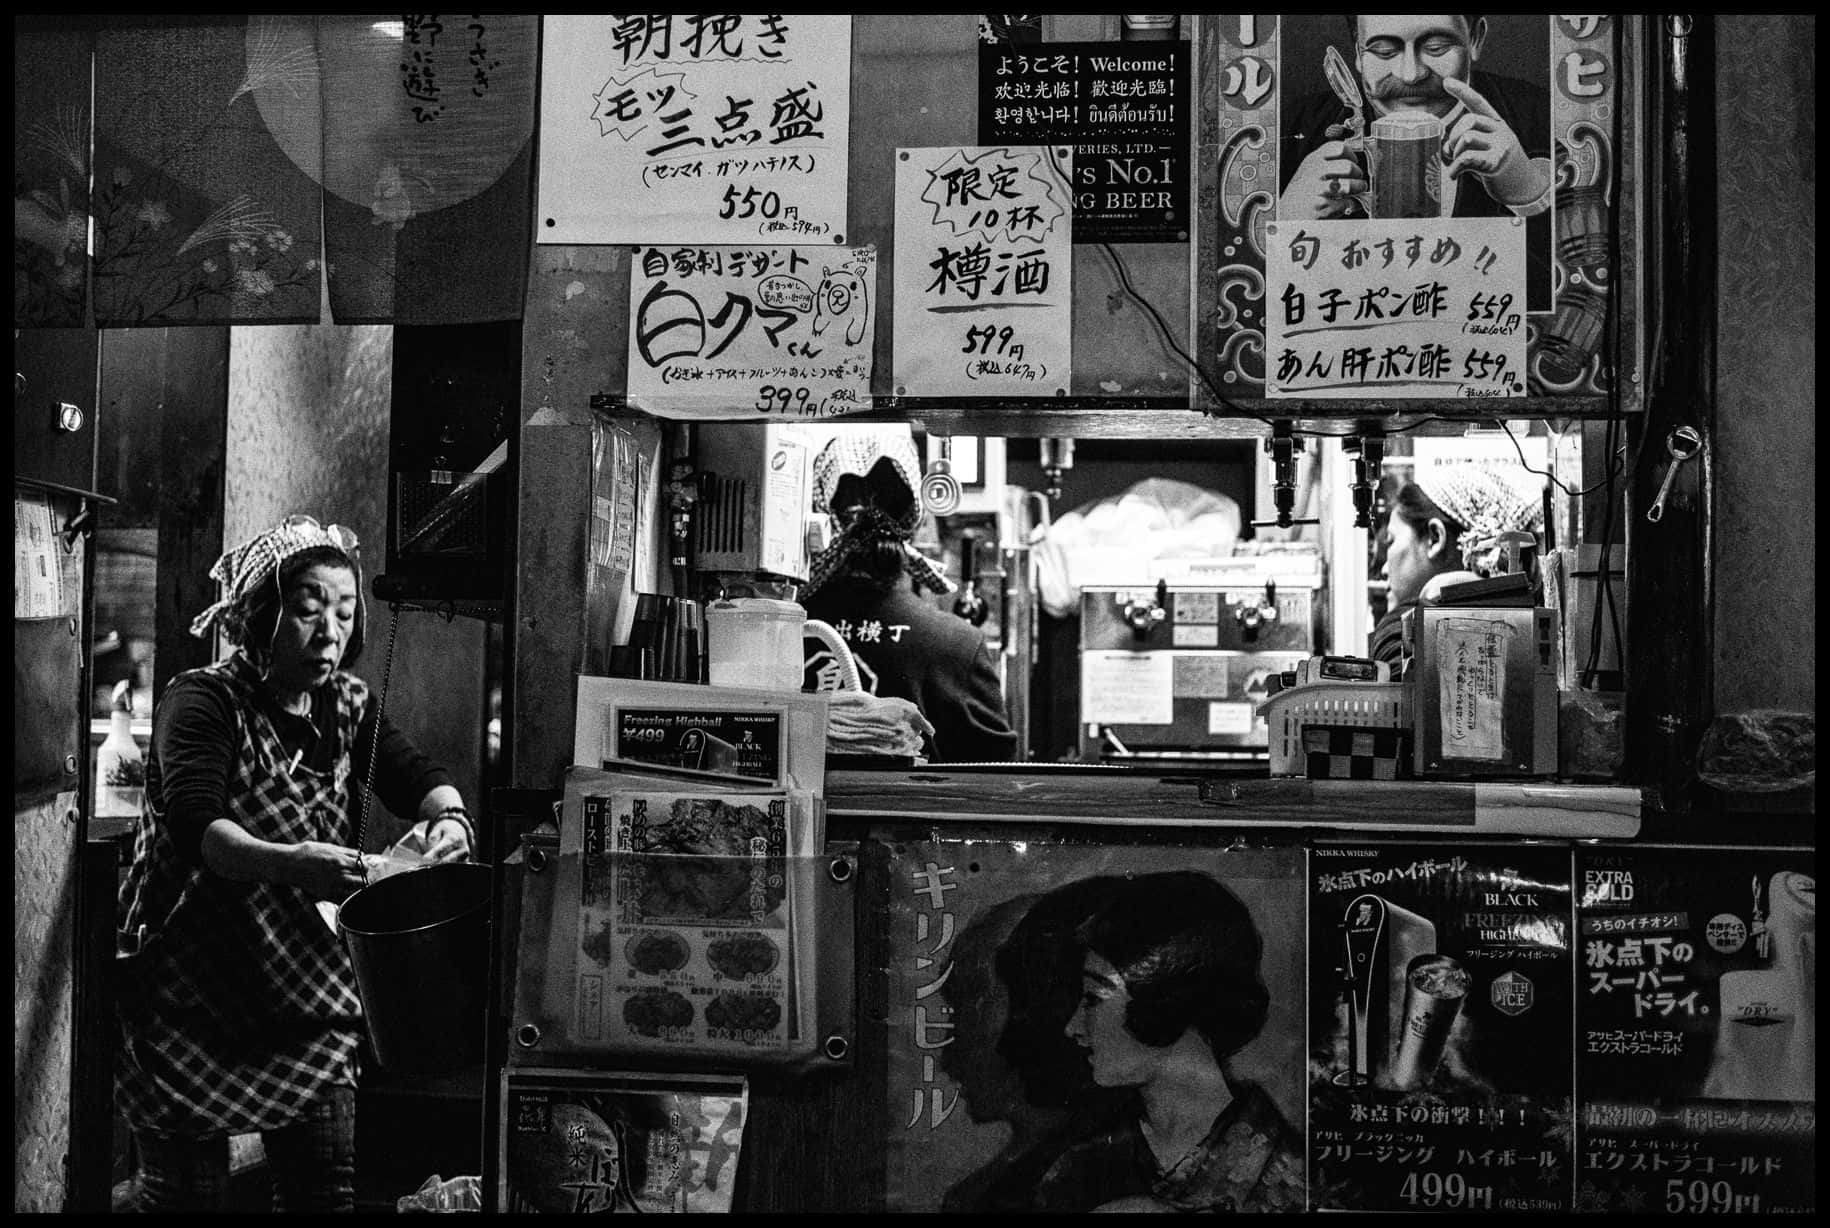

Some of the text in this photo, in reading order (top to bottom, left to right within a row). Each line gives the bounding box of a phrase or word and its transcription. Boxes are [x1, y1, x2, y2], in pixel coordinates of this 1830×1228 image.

[612, 15, 790, 65] 朝挽き
[995, 55, 1080, 75] ようこそ!
[1089, 54, 1175, 72] Welcome!
[994, 79, 1080, 100] 欢迎光临!
[1091, 78, 1175, 98] 歡迎光臨!
[604, 85, 676, 122] モツ
[994, 106, 1080, 125] 환영합니다!
[646, 81, 825, 156] 三点盛
[1073, 144, 1123, 156] ERIES,
[1106, 158, 1174, 186] No.1
[940, 165, 1023, 207] 限定
[719, 184, 799, 220] 550円
[1106, 191, 1174, 209] BEER
[968, 205, 1045, 231] 10杯
[1288, 229, 1321, 270] 旬
[925, 242, 1050, 300] 樽酒
[1280, 281, 1521, 330] 白子ポン酢 559円
[962, 325, 1024, 361] 599円
[1276, 344, 1516, 386] あん肝ポン酢 559円
[755, 385, 818, 416] 399円
[623, 714, 723, 728] Freezing Highball
[622, 728, 665, 743] ¥499
[1316, 849, 1346, 857] NIKKA
[1318, 856, 1468, 893] 氷点下のハイボール
[1585, 870, 1633, 885] EXTRA
[1485, 893, 1539, 907] BLACK
[1591, 916, 1678, 932] うちのイチオシ!
[1585, 937, 1694, 968] 氷点下の
[1589, 967, 1685, 994] スーパー
[907, 862, 959, 1130] キリンビール
[1501, 993, 1526, 1006] ICE
[1634, 991, 1710, 1018] ドライ。
[1587, 1030, 1684, 1043] アサヒスーパードライ
[1587, 1041, 1684, 1055] エクストラコールド
[1315, 1145, 1558, 1168] フリージング ハイボール
[1584, 1151, 1783, 1176] エクストラコールド
[1399, 1172, 1494, 1210] 499円
[1665, 1178, 1761, 1215] 599円

###

Please write out all the data word for word, but keep every picture out.

Expected answer:
Some of the text in this photo, in reading order (top to bottom, left to right within a row). Each line gives the bounding box of a phrase or word and its transcription. Boxes are [x1, y1, x2, y2], in pixel coordinates of this 1830×1228 image.

[612, 15, 790, 65] 朝挽き
[995, 55, 1080, 75] ようこそ!
[1089, 54, 1175, 72] Welcome!
[994, 79, 1080, 100] 欢迎光临!
[1091, 78, 1175, 98] 歡迎光臨!
[604, 85, 676, 122] モツ
[994, 106, 1080, 125] 환영합니다!
[646, 81, 825, 156] 三点盛
[1073, 144, 1123, 156] ERIES,
[1106, 158, 1174, 186] No.1
[940, 165, 1023, 207] 限定
[719, 184, 799, 220] 550円
[1106, 191, 1174, 209] BEER
[968, 205, 1045, 231] 10杯
[1288, 229, 1321, 270] 旬
[925, 242, 1050, 300] 樽酒
[1280, 281, 1521, 330] 白子ポン酢 559円
[962, 325, 1024, 361] 599円
[1276, 344, 1516, 386] あん肝ポン酢 559円
[755, 385, 818, 416] 399円
[623, 714, 723, 728] Freezing Highball
[622, 728, 665, 743] ¥499
[1316, 849, 1346, 857] NIKKA
[1318, 856, 1468, 893] 氷点下のハイボール
[1585, 870, 1633, 885] EXTRA
[1485, 893, 1539, 907] BLACK
[1591, 916, 1678, 932] うちのイチオシ!
[1585, 937, 1694, 968] 氷点下の
[1589, 967, 1685, 994] スーパー
[907, 862, 959, 1130] キリンビール
[1501, 993, 1526, 1006] ICE
[1634, 991, 1710, 1018] ドライ。
[1587, 1030, 1684, 1043] アサヒスーパードライ
[1587, 1041, 1684, 1055] エクストラコールド
[1315, 1145, 1558, 1168] フリージング ハイボール
[1584, 1151, 1783, 1176] エクストラコールド
[1399, 1172, 1494, 1210] 499円
[1665, 1178, 1761, 1215] 599円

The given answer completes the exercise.